NGSのリードやアセンブルしたコンティグを使い、スキャッホールドのギャップを埋めるツールがいくつか発表されているが、オーサーらは、これらのツールに起因するアセンブリのエラー率が、デノボアセンブルで起こるエラー率よりも20〜500倍高いことを指摘している。それをmotive forceとして、オーサーらは、アセンブルしたコンティグxまたはエラー修正されたPacBioのロングリードでこれらのギャップを正確に閉じるGMcloserを開発した。GMcloserはスキャッホールド、コンティグ、ペアエンドリードのアライメント統計から計算した尤度ベースの分類子を使用して、ギャップにコンティグやロングリードを正しく割り当て、正確かつ効率的なギャップクローズを行う。比較実験の結果から、GMcloserは他の利用可能なツールと同様の効率かつ3〜100倍精度が高いと主張されている。

テストデータ

https://sourceforge.net/projects/gmcloser/files/?source=navbar

インストール

依存

Perl 5.6 or later
MUMmer 3.23(MUMmer 3.22 is not allowed)
blast+ 2.2.18 or later
Bowtie 2 (tested on ver. 2.1.0)
YASS (yass) (tested on ver. 1.14)

YASSは下記リンクからバイナリをダウンロードできる。

YASS : genomic similarity search tool

名前はyassに修正して、パスの通ったディレクトリに移動しておく。他のツールも、bowtie2、nucmer、blastn、で$PATHに定義されている必要がある。

本体　SourceForge

#bioconda (link)
conda install gmcloser -c bioconda -y

> gmcloser -h

$ gmcloser -h

Usage:

GMcloser ver. 1.5

Options:

--target_scaf or -t <STR> input target scaffold fasta file (e.g., scaf.fa) [mandatory]

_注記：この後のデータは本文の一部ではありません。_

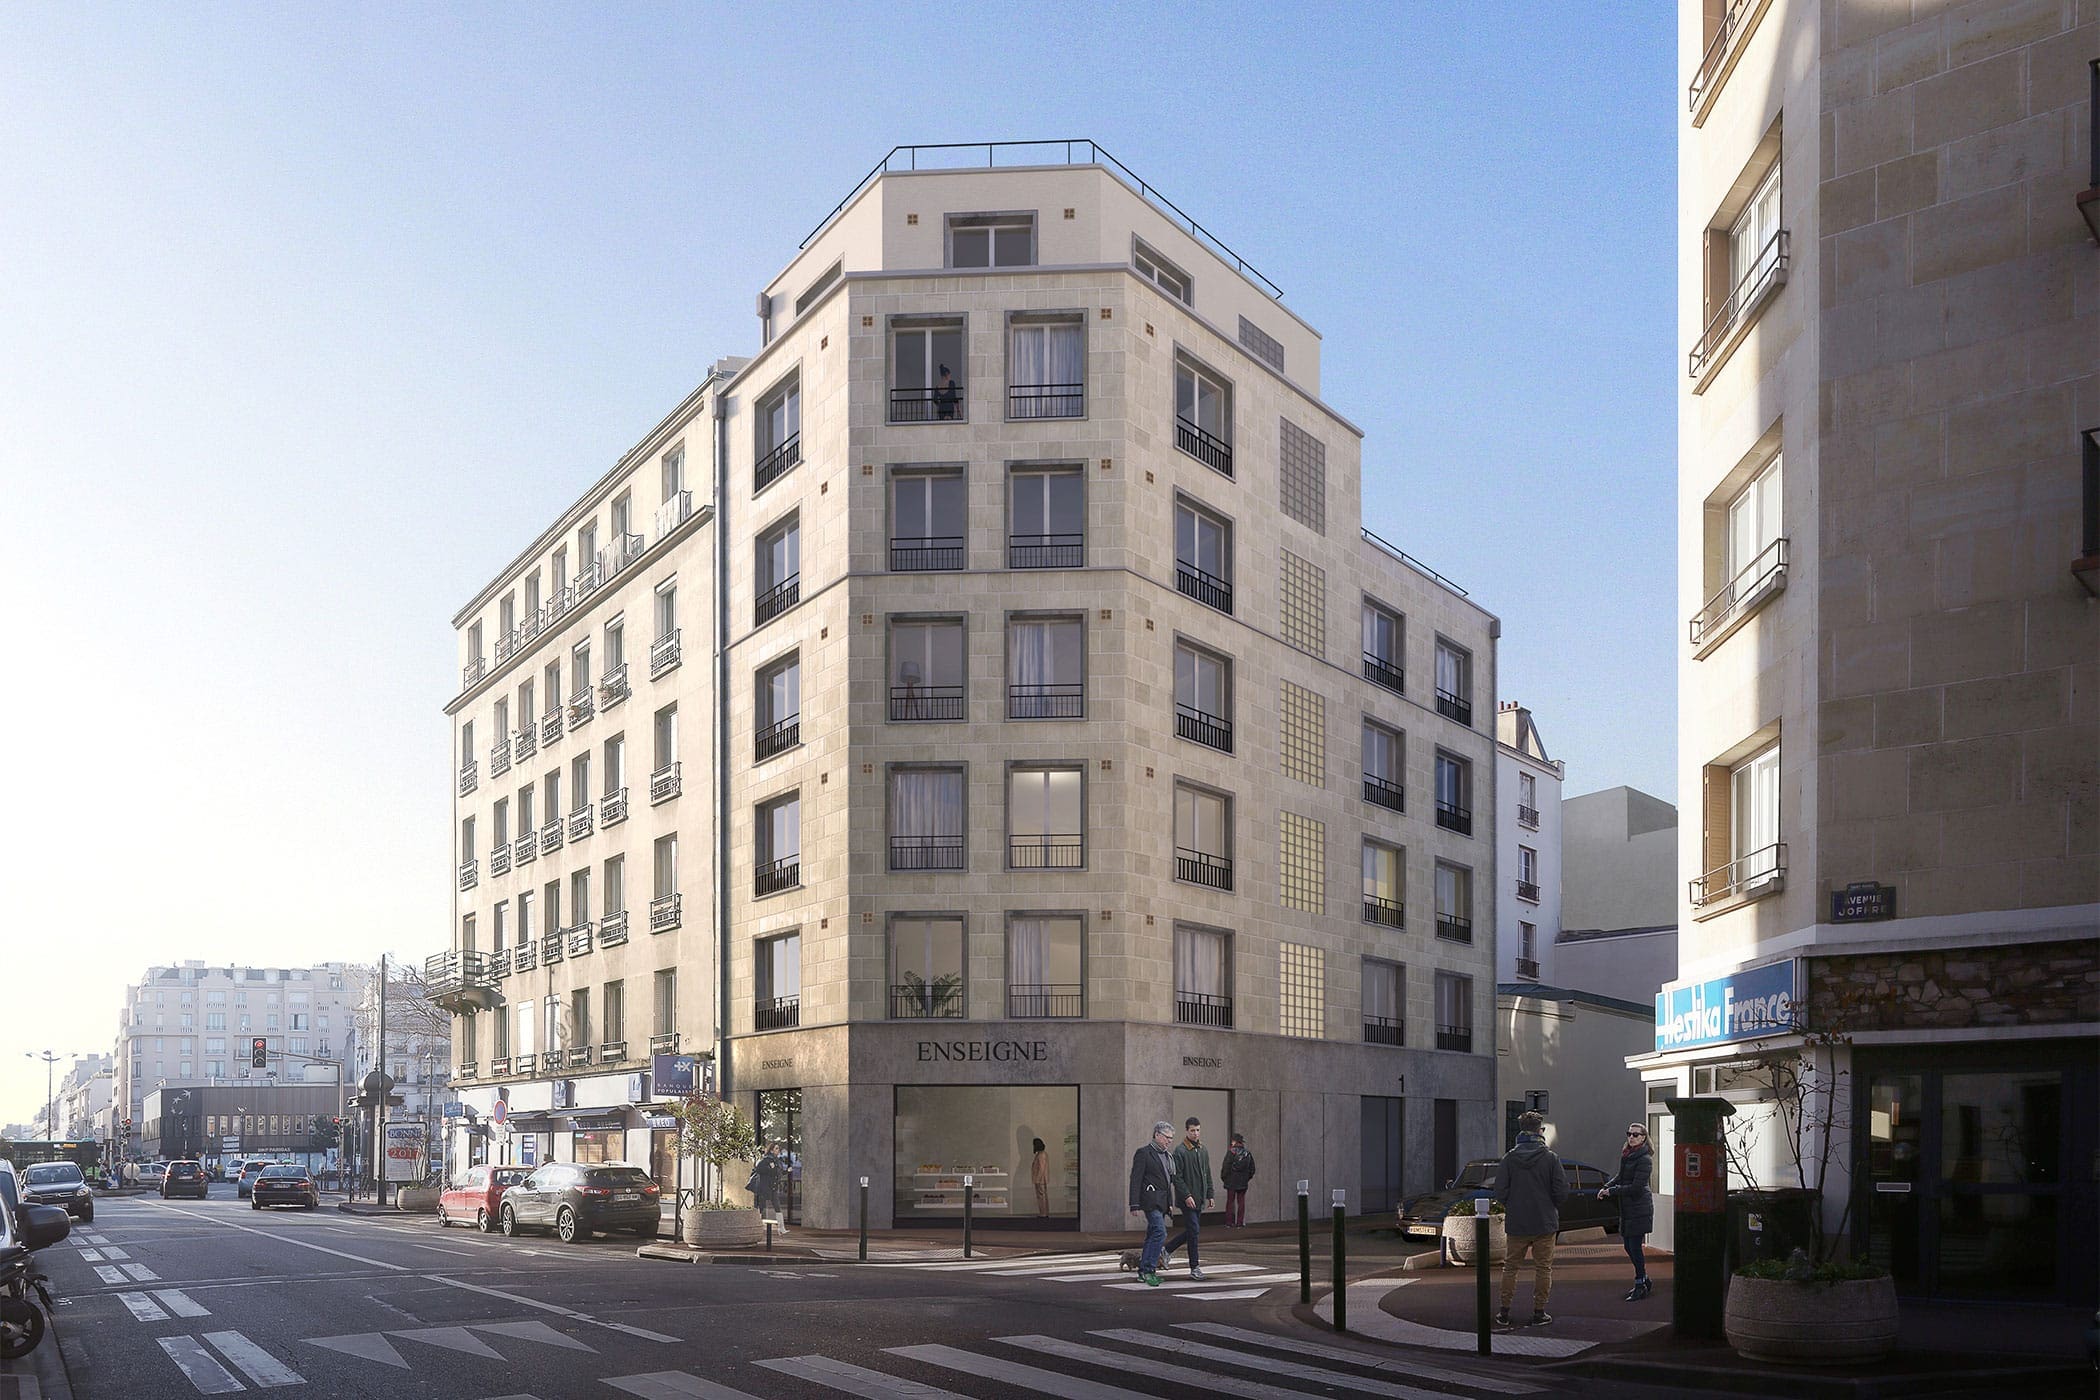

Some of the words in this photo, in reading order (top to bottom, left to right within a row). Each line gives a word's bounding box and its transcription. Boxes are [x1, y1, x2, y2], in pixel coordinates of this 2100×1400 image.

--query_seq or -q <STR> input query contig (or long-read) fasta file (e.g., contig.fa) (if long reads are used, -lr option must be specified) [mandatory]

--prefix_out or -p <STR> prefix name of output files [mandatory]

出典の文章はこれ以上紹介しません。